→ Data to examine:
----

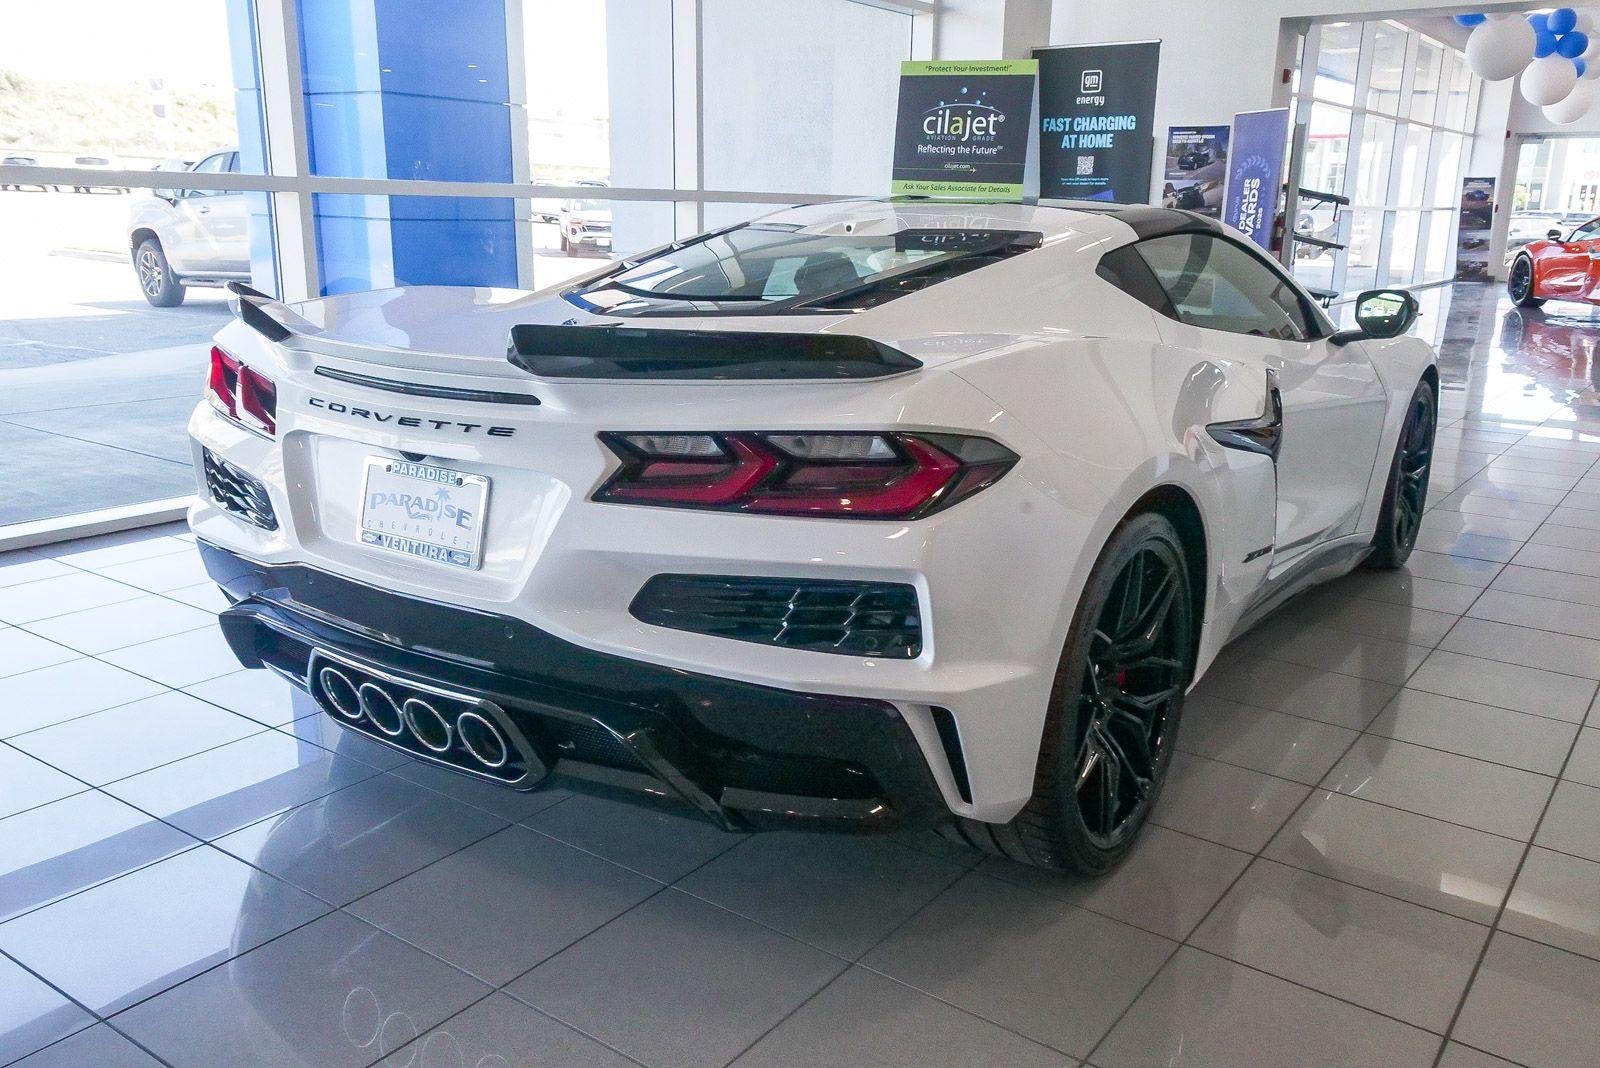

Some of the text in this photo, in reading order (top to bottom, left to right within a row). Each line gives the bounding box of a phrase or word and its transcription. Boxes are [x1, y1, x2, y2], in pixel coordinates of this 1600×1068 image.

[953, 65, 969, 73] Your
[1084, 75, 1099, 88] gm
[1076, 95, 1105, 106] energy
[1043, 115, 1137, 132] FAST CHARGING
[1061, 133, 1114, 149] AT HOME
[917, 144, 956, 156] Reflecting
[957, 144, 970, 154] the
[916, 183, 930, 191] Your
[930, 184, 946, 192] Sales
[946, 184, 977, 193] Associate
[977, 185, 987, 193] for
[987, 186, 1011, 194] Details
[1238, 178, 1252, 230] DEALER
[309, 396, 517, 438] CORVETTE
[391, 461, 458, 484] PARADISE
[369, 487, 474, 532] PARADISE
[381, 534, 449, 561] VENTURA

----

→ Work task:
Please return all of the material above exactly, minus any pictures.

→ Written response:
Some of the text in this photo, in reading order (top to bottom, left to right within a row). Each line gives the bounding box of a phrase or word and its transcription. Boxes are [x1, y1, x2, y2], in pixel coordinates of this 1600×1068 image.

[953, 65, 969, 73] Your
[1084, 75, 1099, 88] gm
[1076, 95, 1105, 106] energy
[1043, 115, 1137, 132] FAST CHARGING
[1061, 133, 1114, 149] AT HOME
[917, 144, 956, 156] Reflecting
[957, 144, 970, 154] the
[916, 183, 930, 191] Your
[930, 184, 946, 192] Sales
[946, 184, 977, 193] Associate
[977, 185, 987, 193] for
[987, 186, 1011, 194] Details
[1238, 178, 1252, 230] DEALER
[309, 396, 517, 438] CORVETTE
[391, 461, 458, 484] PARADISE
[369, 487, 474, 532] PARADISE
[381, 534, 449, 561] VENTURA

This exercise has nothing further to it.